Figure 1: Average sample size and average number of genome-wide statistically-significant (GWS) loci per publication for each year during the 15 years history of GWAS discoveries. The data were extracted from 5,771 GWAS publications that used a genome-wide genotyping array and shared their summary statistics on GWAS Catalog before November 8, 2022.
Figure 2: Effect sizes of polygenic scores increase with sample size. (A–D) Each panel corresponds to one of 4 height polygenic scores derived from independent genome-wide statistically-significant SNPs identified in Allenet al2010 (A), Woodet al2014 (B), Yengoet al2018 (C), and Yengoet al2022 (D). Note the difference between the panels in the scale of the y-axes on the right, indicating the increasing precision of the height polygenic scores as the discovery sample sizes increase. Each polygenic score is scaled to have a mean of 0 and a variance of 1. Error bars indicate standard errors of the mean. (A), (B), and (D) use data from 14,587 unrelated participants of the UK Biobank (not included in the discovery GWAS), while (C) uses data from 8,235 unrelated participants from the Health and Retirement Study not included in Yengoet al2018. The number of SNPs used in each polygenic score is reported in the legend of each panel (top-left) and were based for Allenet al2010 and Woodet al2014 on a reanalysis by Yengoet al2022 based on the HapMap 3 SNP panel. Each polygenic score was binned into 12 groups defined as: below −2.5, (−2.5,−2.0), (−2.0,−1.5), (−1.5,−1.0), (−1.0,−0.5), (−0.5,0.0), (0.0,0.5), (0.5,1.0), (1.0,1.5), (1.5,2.0), (2.0,2.5) and above >2.5. Height differences are expressed on the z-axis against the lowest group (defined). Each panel represents a histogram of the height polygenic score (x-axis) with the percentage of the individuals in each group represented on the y-axis.

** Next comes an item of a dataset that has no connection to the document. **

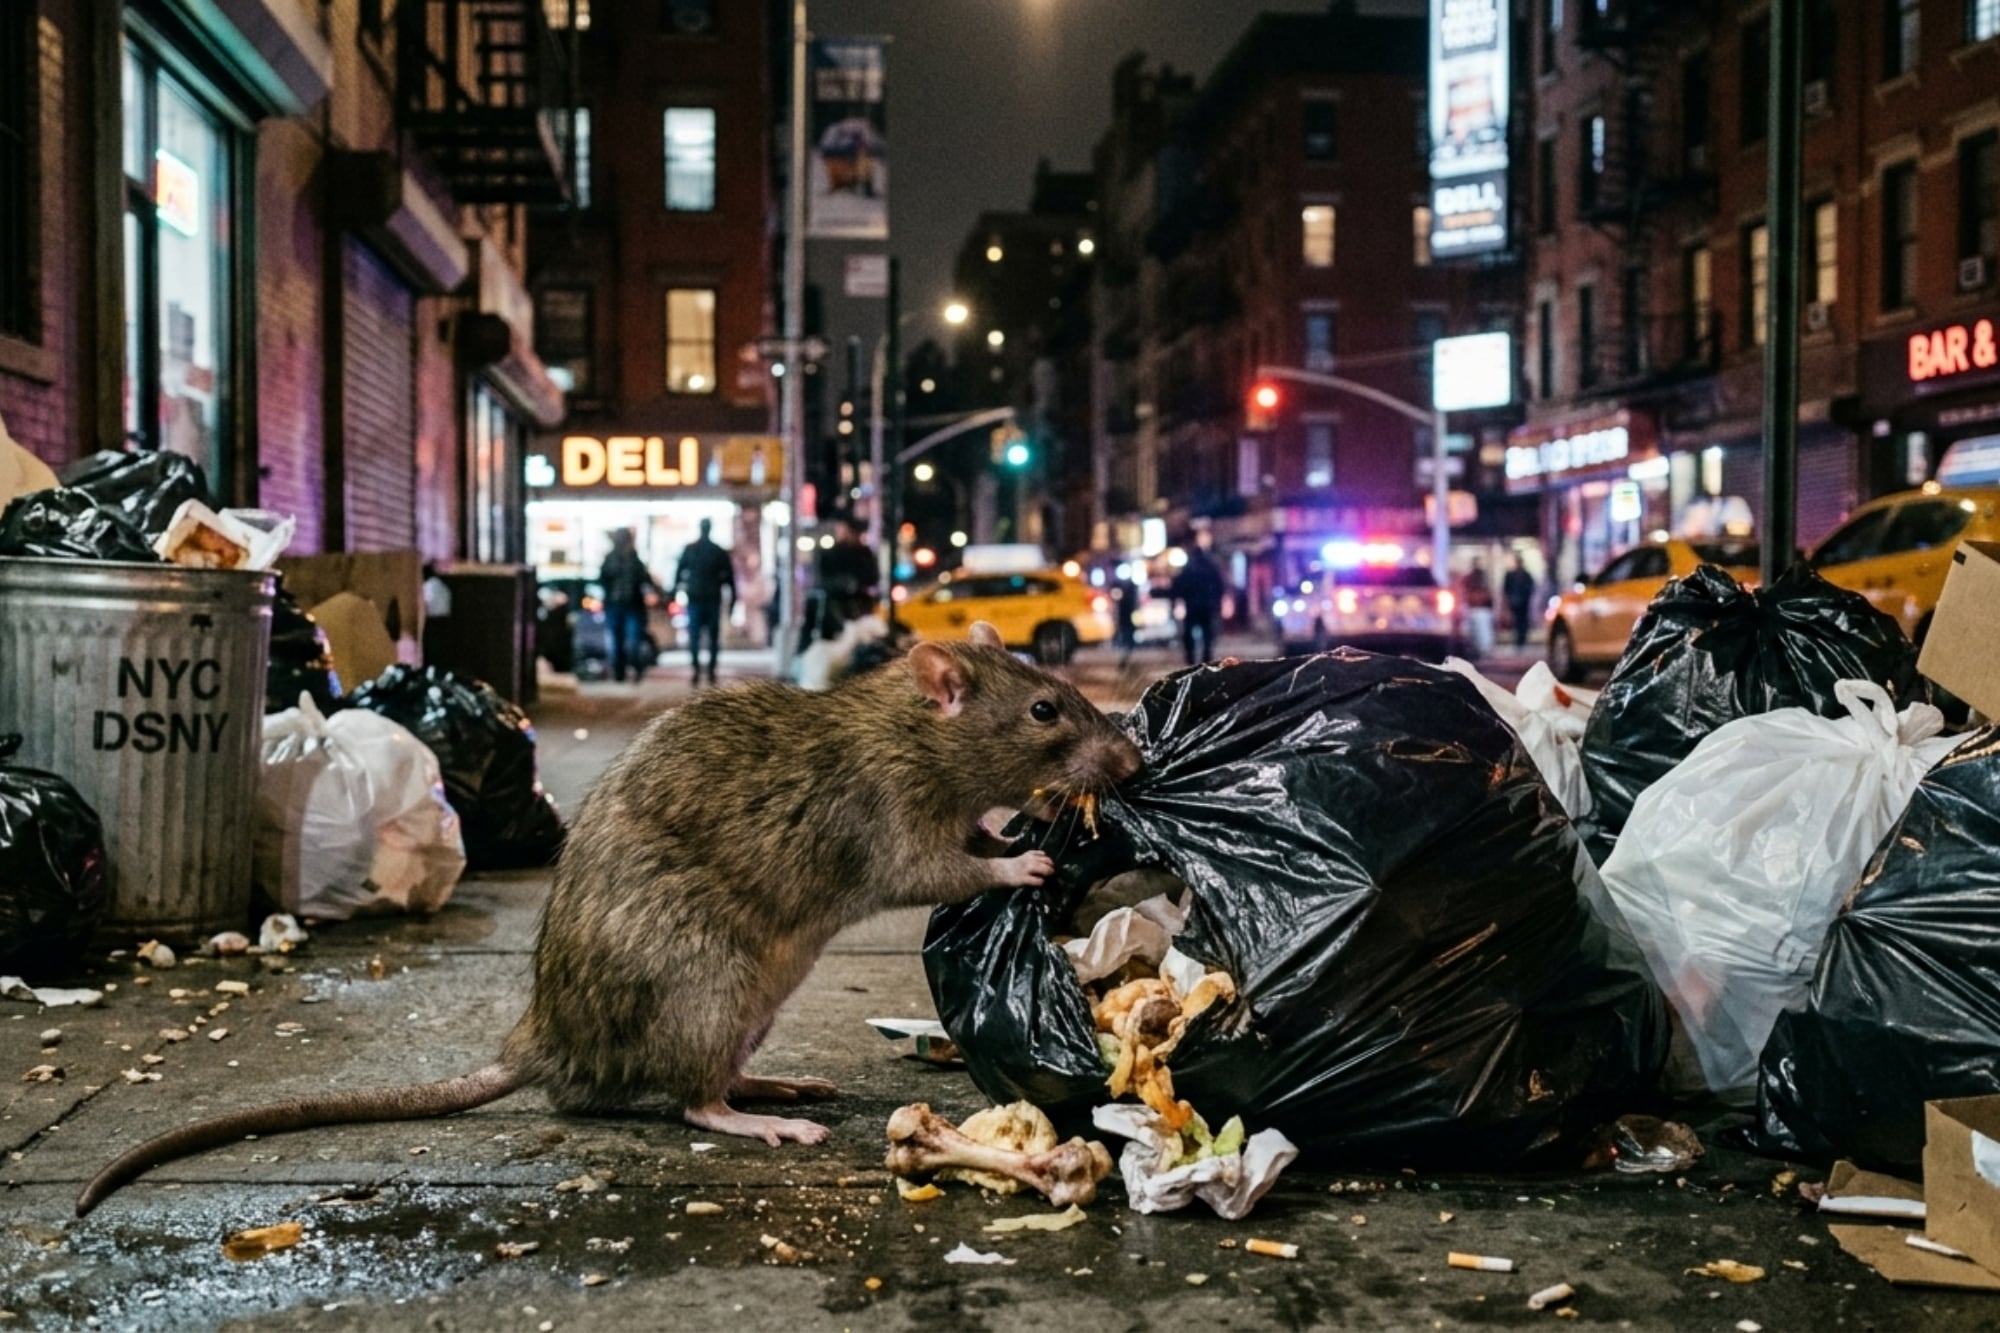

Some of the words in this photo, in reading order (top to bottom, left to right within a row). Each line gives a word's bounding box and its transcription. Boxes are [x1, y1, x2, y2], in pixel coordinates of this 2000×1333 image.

…One way to quantify the accuracy of a polygenic score is as an “effect size” (σPGS), which expresses the change in phenotypic standard deviations (SDs) per SD of the predictor (σPGS = Rσy, with R2 the proportion of phenotypic variance explained by the polygenic score and σy the SD of the phenotype). For example, a polygenic score with an R2 = 0.09 has an effect size of 0.3 phenotypic SD, about 2 cm for height, 5 mmHg for systolic blood pressure, or 1 year of schooling.
In Figure 2, we show how the prediction accuracy of height has increased since 2010. It demonstrates how ever-larger sample sizes lead to increasing effect sizes from 2.2 cm in 2010 to more than 4.1 cm in 2022, assuming that σy = 6.5 cm for height.
By expressing polygenic score prediction accuracy in terms of trait SD units, it can be compared to the effect sizes of exposures, treatments, and interventions. This has been applied to show that effect sizes (expressed as risk) of common disease polygenic scores are of the same order as those of known monogenic mutations.36 The larger the effect sizes of polygenic scores, the better they are at identifying people at very high (and very low) risk of disease. For example, using the latest height GWAS, the mean height difference between individuals at the extremes of polygenic score distribution is ~23 cm (2.5 SD below the mean polygenic score versus 2.5 SD above the mean, Figure 2D). In general, more or earlier screening of people at high risk would pay off if there are preventive treatments.37 For example, Kiflenet al2022 determined optimal health-economic strategies for prescribing statins on the basis of individuals’ polygenic risk of cardiovascular disease.